By BJL's formula (which is more optimistic than many I've seen), a phone sensor will be diffraction-limited around f2-f2.8 (pixels ranging from 1 to 1.4 microns), with most compact cameras (other than large-sensor compacts) limited around f4.  Micro 4/3 and large-sensor compacts will be limited somewhere around f5.6-f8, with their 3-4 micron pixels. Larger sensor DSLR/mirrorless cameras will reach their limit between f8 and f11.

By that calculation, only a few lenses are diffraction-limited wide open with the sensors they are most commonly used with. Many compact superzooms are diffraction-limited, with perhaps the most egregious example being the Nikon Coolpix P1000 (1.4 micron pixels and an f8 lens!). A few inexpensive Micro 4/3 lenses may be diffraction-limited wide-open on the 20 MP sensor (there are several with f6.3 maximum apertures on the telephoto end). You might see diffraction wide-open on an APS-C or high-resolution full-frame DSLR with certain lens/teleconverter combinations, but not with any lens used alone.

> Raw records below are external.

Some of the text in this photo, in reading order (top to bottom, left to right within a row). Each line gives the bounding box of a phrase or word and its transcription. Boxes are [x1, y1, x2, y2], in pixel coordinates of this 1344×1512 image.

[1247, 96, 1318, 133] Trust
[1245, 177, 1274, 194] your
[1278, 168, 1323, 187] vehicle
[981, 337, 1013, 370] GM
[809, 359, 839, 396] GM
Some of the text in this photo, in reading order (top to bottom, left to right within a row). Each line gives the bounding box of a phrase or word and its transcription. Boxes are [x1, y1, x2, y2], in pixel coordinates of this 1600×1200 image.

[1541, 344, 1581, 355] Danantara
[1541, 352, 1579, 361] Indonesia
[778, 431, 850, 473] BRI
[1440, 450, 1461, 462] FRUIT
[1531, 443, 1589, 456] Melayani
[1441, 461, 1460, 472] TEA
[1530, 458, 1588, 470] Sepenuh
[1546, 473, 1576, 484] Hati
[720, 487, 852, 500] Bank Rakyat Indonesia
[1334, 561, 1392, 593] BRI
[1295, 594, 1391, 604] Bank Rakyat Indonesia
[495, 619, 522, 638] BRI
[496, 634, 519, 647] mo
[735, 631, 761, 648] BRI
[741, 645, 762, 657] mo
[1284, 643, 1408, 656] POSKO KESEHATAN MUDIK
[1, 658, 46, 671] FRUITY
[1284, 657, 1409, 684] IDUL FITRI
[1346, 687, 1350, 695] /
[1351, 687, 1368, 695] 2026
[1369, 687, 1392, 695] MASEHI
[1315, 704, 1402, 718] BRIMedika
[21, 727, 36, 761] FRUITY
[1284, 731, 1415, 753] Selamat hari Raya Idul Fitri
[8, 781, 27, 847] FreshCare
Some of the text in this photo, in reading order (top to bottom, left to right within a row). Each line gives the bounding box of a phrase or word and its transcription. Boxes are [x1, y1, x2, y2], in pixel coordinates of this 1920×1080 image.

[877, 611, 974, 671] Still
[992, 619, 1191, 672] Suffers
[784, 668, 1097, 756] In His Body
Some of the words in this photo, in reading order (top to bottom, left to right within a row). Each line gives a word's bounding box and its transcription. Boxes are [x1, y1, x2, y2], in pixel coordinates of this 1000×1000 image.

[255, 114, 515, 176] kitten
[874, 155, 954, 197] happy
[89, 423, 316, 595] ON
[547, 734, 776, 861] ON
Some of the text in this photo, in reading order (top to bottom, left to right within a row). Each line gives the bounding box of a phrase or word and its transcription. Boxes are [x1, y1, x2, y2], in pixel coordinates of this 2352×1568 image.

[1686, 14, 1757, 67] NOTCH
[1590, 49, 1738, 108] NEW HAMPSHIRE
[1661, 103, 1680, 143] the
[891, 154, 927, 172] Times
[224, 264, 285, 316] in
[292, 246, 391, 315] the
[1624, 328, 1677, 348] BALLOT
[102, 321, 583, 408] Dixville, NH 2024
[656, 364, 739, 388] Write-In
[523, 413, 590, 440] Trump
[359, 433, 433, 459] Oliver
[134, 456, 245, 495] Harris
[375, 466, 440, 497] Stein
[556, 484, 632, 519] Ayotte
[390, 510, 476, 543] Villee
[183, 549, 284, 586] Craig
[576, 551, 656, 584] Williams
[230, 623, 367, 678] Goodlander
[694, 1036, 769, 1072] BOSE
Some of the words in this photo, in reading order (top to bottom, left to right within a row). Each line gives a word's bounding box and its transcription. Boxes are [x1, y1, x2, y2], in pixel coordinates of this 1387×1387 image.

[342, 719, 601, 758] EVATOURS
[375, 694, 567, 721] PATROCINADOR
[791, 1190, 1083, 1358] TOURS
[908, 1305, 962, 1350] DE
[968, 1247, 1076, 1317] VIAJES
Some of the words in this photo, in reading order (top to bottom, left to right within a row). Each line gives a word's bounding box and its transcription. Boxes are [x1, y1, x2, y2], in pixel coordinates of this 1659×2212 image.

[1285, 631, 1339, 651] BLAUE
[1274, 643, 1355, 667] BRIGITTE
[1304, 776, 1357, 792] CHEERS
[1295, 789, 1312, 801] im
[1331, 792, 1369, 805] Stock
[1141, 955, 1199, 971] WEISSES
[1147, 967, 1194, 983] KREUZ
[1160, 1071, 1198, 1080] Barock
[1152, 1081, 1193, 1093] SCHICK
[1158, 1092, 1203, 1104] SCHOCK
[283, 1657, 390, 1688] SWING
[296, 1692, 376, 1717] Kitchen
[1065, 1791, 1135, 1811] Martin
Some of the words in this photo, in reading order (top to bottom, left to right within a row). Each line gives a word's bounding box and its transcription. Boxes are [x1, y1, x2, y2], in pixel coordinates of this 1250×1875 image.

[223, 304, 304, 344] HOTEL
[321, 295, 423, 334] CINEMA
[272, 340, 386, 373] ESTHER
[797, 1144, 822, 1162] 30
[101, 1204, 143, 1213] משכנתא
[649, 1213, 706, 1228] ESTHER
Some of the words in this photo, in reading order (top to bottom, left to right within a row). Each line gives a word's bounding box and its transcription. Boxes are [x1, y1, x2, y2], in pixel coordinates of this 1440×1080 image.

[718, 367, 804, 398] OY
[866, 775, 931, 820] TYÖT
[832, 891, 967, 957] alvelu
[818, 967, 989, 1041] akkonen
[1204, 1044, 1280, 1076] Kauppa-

I've seen visible evidence of diffraction (in tests, not so much in my own images) wider than that by a stop or so. Absent diffraction, a lens would tend to sharpen up as it gets stopped down, no? Most lenses on 40+ MP full-frame cameras are clearly sharpest at f5.6, beginning to soften by f8 - really high performance lenses are equally sharp from some wider aperture to f5.6, but they too soften a bit at f8. The softening at f8 doesn't show up on 24 MP FF cameras, but it does on 24 MP APS-C.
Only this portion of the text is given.